Мальчик во все глаза смотрел на незнакомца. Нет, конечно, он ошибся… И Вольф тоже обознался… Бледное, чужое лицо с усами… Сутулая спина… У папы была совсем прямая, молодая спина и никогда не было усов…
Но в то мгновение, когда Курт оттаскивал собаку от незнакомца и собирался вежливо извиниться, он вдруг увидел карие глаза и улыбку, которую так хорошо помнил.
— Папа! — чуть не вскрикнув, прошептал мальчик.
— Курт, дорогой… — донёсся еле слышный ответ.
Краус сделал короткий, едва уловимый жест, и Курт мгновенно понял: показывать, что он узнал отца, — нельзя. Рядом — враги.
Мальчик торопливо схватил Вольфа за ошейник и оттащил его. И во-время: отовсюду уже сбегались любопытные. И, конечно, одним из первых прибежал вечный неприятель Курта — Мориц, сын их новой соседки — фрау Зейде. Мориц пролез вперёд и стал перед Куртом, выпятив щуплую грудь.
— Ага, я всегда говорил, что твой Вольф — вредная, злющая собака! — с торжеством заявил он, так, чтобы все слышали. — Он всегда рвёт мне штаны…
— Ты сам их рвёшь, а сваливаешь на Вольфа, чтоб тебе не доставалось от матери! — с возмущением пробормотал Курт. Даже в эту минуту он не позволил оболгать Вольфа.
Запыхавшиеся полицейский и два американца-патрульных протиснулись сквозь толпу.
— Собака укусила вас? Желаете написать жалобу на владельцев? — обратился полицейский к Краусу.
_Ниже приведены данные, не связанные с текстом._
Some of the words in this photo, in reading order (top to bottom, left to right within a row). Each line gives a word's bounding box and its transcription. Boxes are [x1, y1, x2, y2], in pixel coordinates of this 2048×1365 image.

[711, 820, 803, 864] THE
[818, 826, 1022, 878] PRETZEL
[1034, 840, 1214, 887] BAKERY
Краус быстро обдумывал положение. Отказаться от жалобы — это покажется подозрительным: все видели, как собака на него набросилась. А писать жалобу — значит, надо назвать себя, сообщить свой адрес, показать документы, которых у него не было.
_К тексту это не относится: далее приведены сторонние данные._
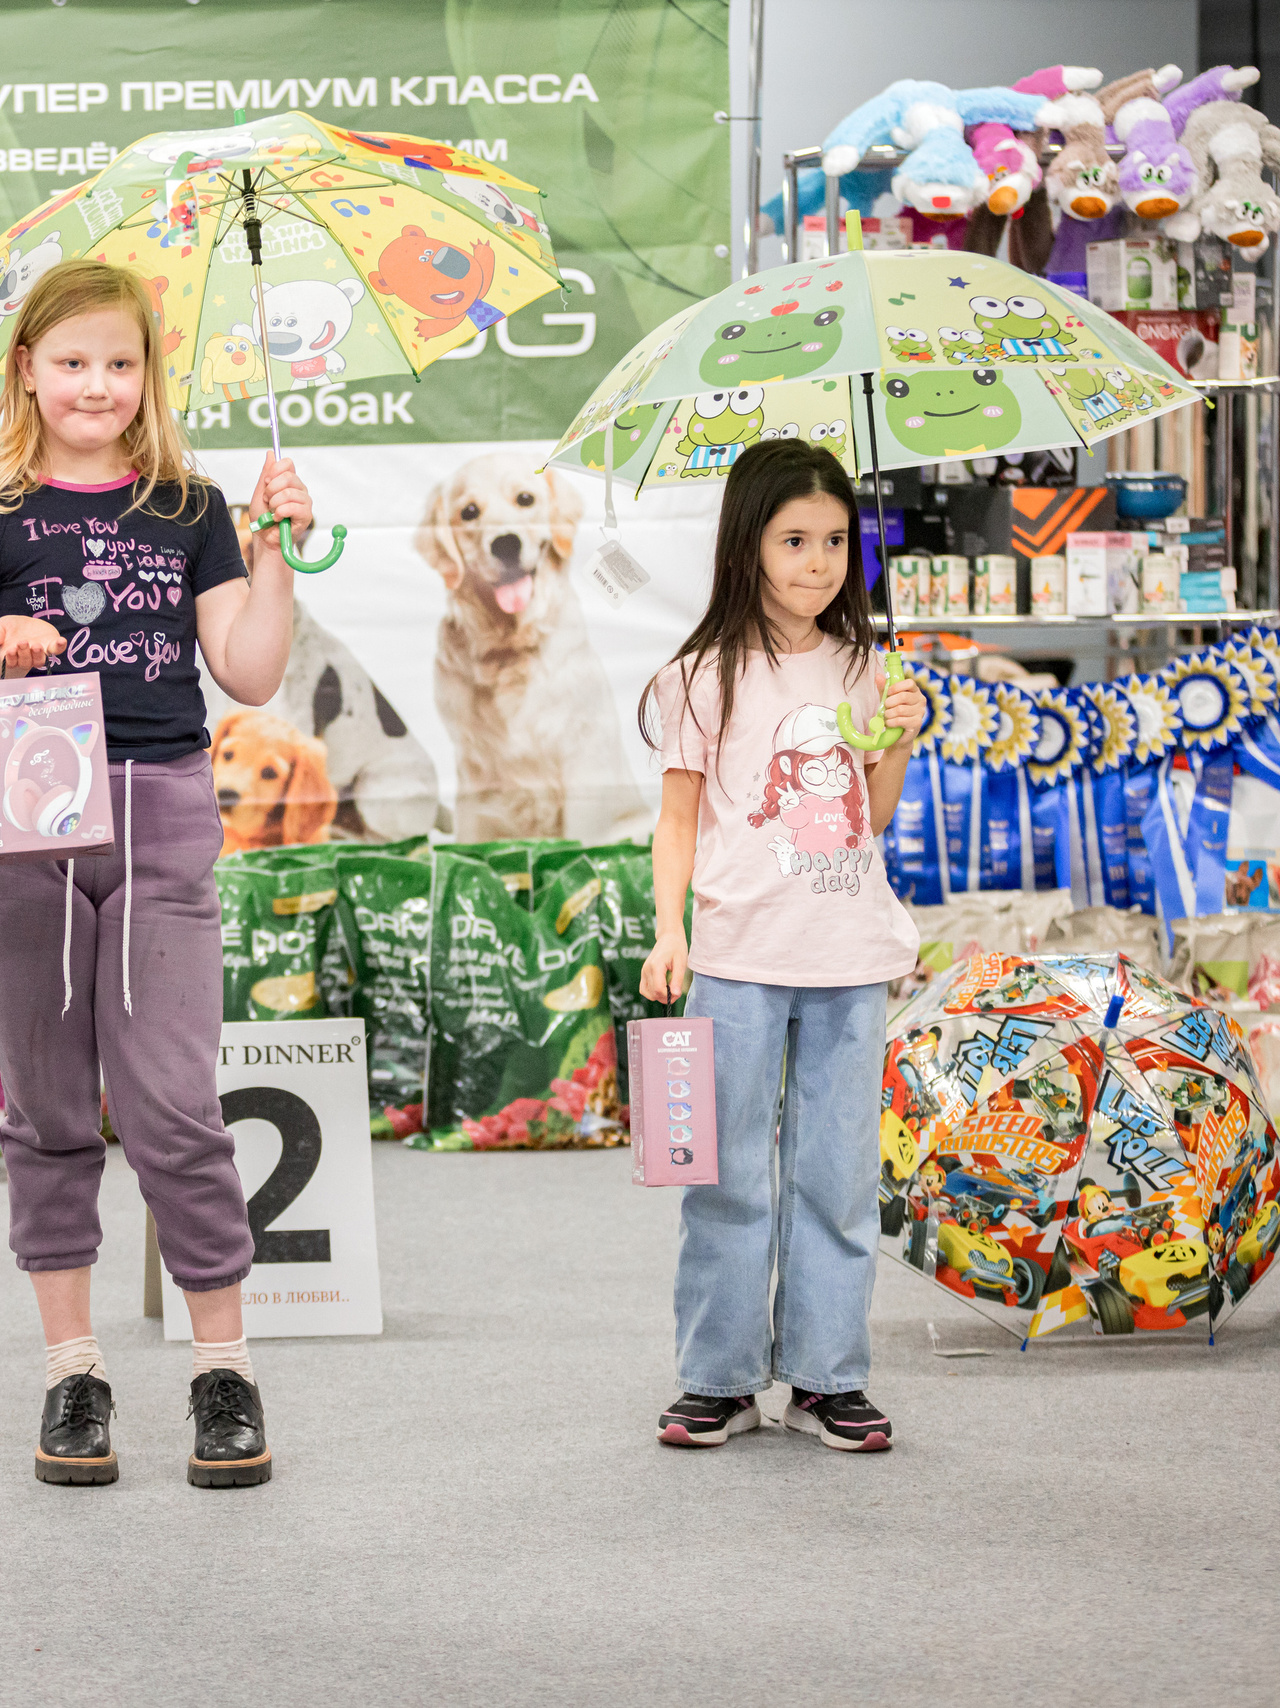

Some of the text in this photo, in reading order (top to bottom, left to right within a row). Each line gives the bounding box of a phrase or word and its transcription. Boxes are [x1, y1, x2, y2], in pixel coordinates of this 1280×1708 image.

Пока он раздумывал об этом, делая вид, что осматривает искусанную руку, толпа расступилась, пропуская вперёд худенькую ясноглазую женщину.
— Курт, мальчик, что случилось? — тревожно спрашивала она, ещё не видя ни сына, ни мужа.
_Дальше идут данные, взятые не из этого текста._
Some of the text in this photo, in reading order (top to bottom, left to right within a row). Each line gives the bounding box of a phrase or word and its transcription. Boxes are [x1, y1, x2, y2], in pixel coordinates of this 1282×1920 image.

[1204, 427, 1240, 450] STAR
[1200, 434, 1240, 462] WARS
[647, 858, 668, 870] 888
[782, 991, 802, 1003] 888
Соседи успели уже сообщить Марте, что Вольф искусал прохожего. Но вот она подняла глаза — и в тот же миг узнала Крауса.
— Ах! — вырвалось у неё.
— Мама, наш Вольф набросился на этого господина, — торопясь и глотая слова, перебил её Курт. — Этот господин, мама…
— Да, вот пожалуйста, полюбуйтесь-ка. — Краус протянул руку и показал темнокрасный след полицейской дубинки.
Таких следов было много на его теле — они легко могли сойти за укусы. Толпа подалась вперёд — все хотели рассмотреть эти следы.
— Боже мой, — воскликнула Марта, — как это ужасно! Надо немедленно смазать иодом, перевязать, а то это может загноиться… Я сама, я сама перевяжу вам…
— Гм… перевяжете? Что ж, перевяжите. Только поскорей, а то я тороплюсь, — выразительно сказал Краус.
Он смотрел на жену. Как она побледнела! А седая прядка — её не было раньше!
Видеть жену и Курта хотя бы вот так, на глазах у полицейских, посреди толпы, — и это было счастьем. И Марта тоже смотрела и с болью отмечала сутулость Крауса, его лёгкий костюм, его посиневшие от холода губы…
Она сказала умоляюще:
— Я вас прошу, милостивый государь, не пишите жалобу!.. У меня и так довольно горя. Я сию минуту перевяжу вам руку. А если собака порвала ваш костюм, я вам его заштопаю. Только… только для этого вам придётся зайти к нам в дом…
Она быстро переглянулась с сыном. Глаза мальчика засияли: папа придёт домой!
— Да-да, мы вас очень, очень просим! — подхватил он. — Я… я даю вам слово, что запру собаку, никуда не буду её выпускать…
— Даёшь слово? Посмотрю я, как ты его сдержишь, — проворчал Краус, мгновенно поняв манёвр Марты и сына.
И вот Краус дома. Он с восторгом оглядывает кухню. Синие язычки газа пляшут над плитой, и тепло охватывает беглеца.
Из чулана доносится вой Вольфа: его заперли, но он скребёт лапами дверь и всеми силами хочет вырваться к хозяину.
— Вот злая тварь! — говорит, прислушиваясь, полицейский.
— Следовало бы его пристрелить, чтоб не бросался на людей. Он порвал брюки Дэрку, — говорит кривоногий американский солдат.
Да, они тоже здесь. Они целой толпой ввалились в дом вслед за Краусом и Мартой. Здесь и вездесущий Мориц и его мамаша, фрау Зейде, похожая на тощую кошку. Курт готов прибить Морица: этот мальчишка всюду суёт нос!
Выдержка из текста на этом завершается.